> **PROBLEM DESCRIPTION**: Retype the listing exactly; omit pictures.

════

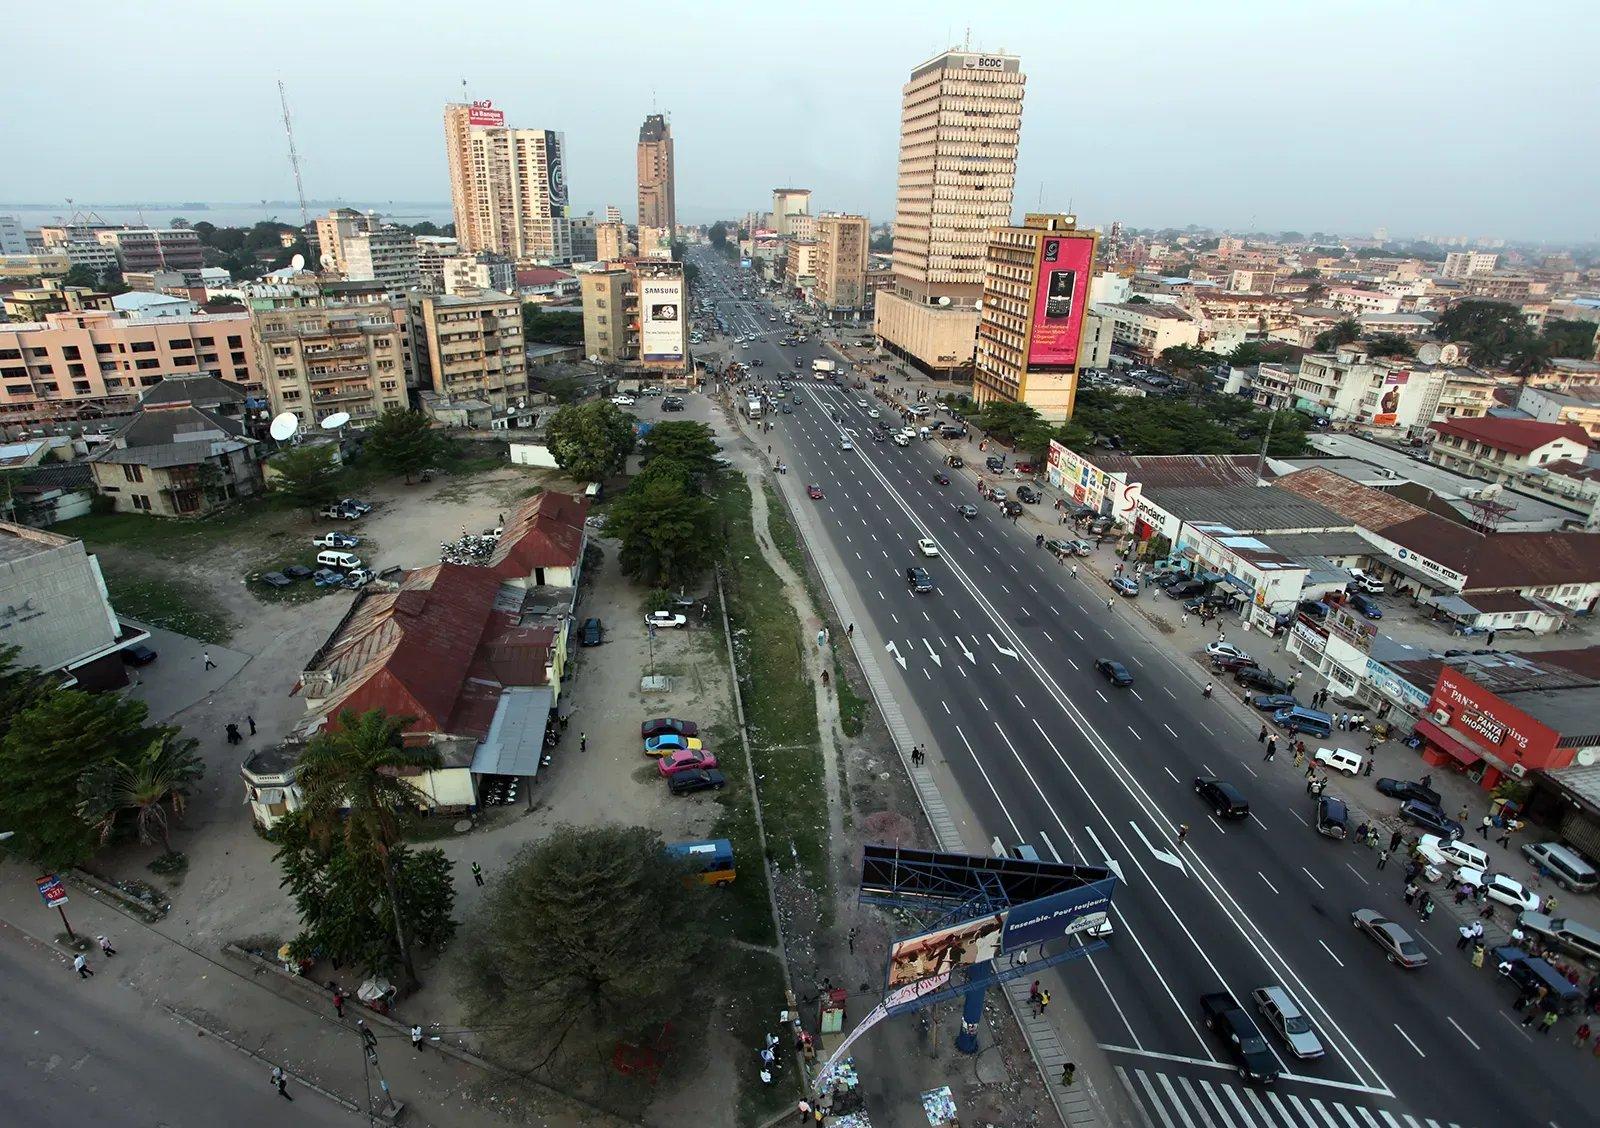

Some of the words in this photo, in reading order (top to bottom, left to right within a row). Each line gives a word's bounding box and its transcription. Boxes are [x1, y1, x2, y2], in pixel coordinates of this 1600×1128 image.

[979, 58, 1001, 67] BCDC
[1121, 485, 1166, 524] Standard
[1366, 659, 1389, 675] BABY
[1398, 680, 1430, 705] CENTER
[1460, 715, 1500, 744] SHOPPING
[1477, 716, 1502, 736] PANTA
[1009, 915, 1051, 931] Ensemble.
[1053, 908, 1072, 918] Pour
[1074, 898, 1109, 911] toujours.
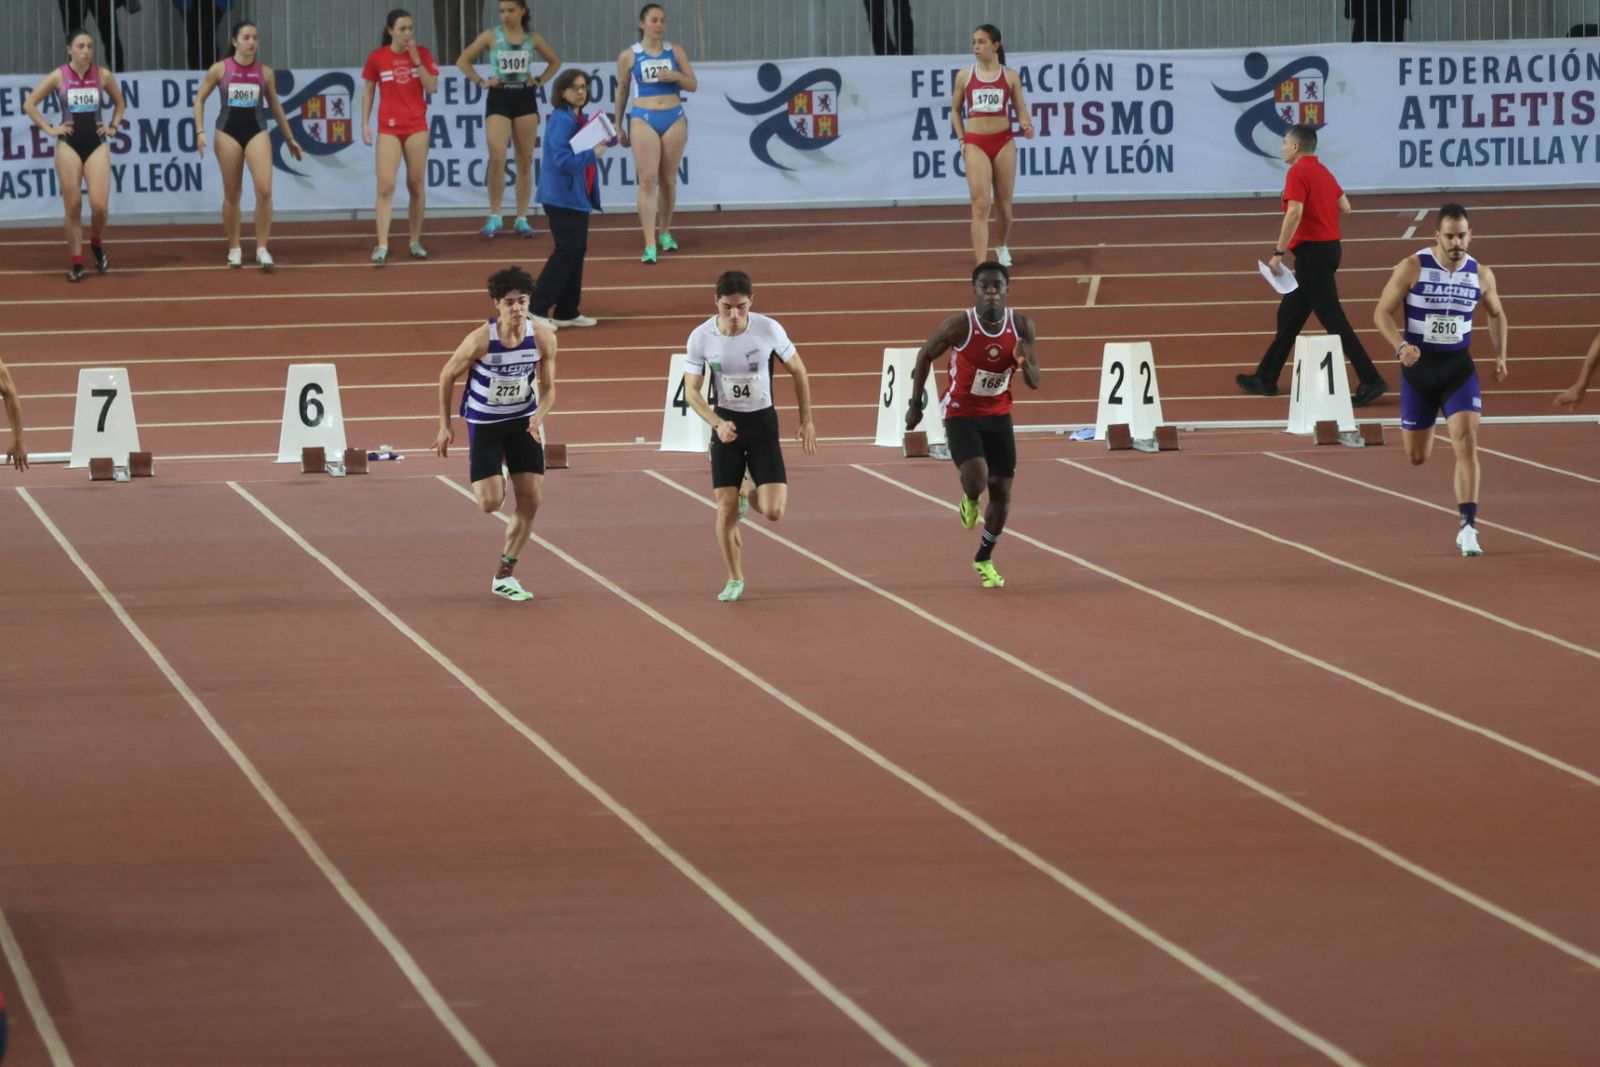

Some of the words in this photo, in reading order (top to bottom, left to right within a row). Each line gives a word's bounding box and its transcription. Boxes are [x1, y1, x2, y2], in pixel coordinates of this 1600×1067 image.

════

> **ANSWER**:
Some of the words in this photo, in reading order (top to bottom, left to right within a row). Each line gives a word's bounding box and its transcription. Boxes are [x1, y1, x2, y2], in pixel coordinates of this 1600×1128 image.

[979, 58, 1001, 67] BCDC
[1121, 485, 1166, 524] Standard
[1366, 659, 1389, 675] BABY
[1398, 680, 1430, 705] CENTER
[1460, 715, 1500, 744] SHOPPING
[1477, 716, 1502, 736] PANTA
[1009, 915, 1051, 931] Ensemble.
[1053, 908, 1072, 918] Pour
[1074, 898, 1109, 911] toujours.

Some of the words in this photo, in reading order (top to bottom, left to right within a row). Each line gives a word's bounding box and its transcription. Boxes are [x1, y1, x2, y2], in pixel coordinates of this 1600×1067 image.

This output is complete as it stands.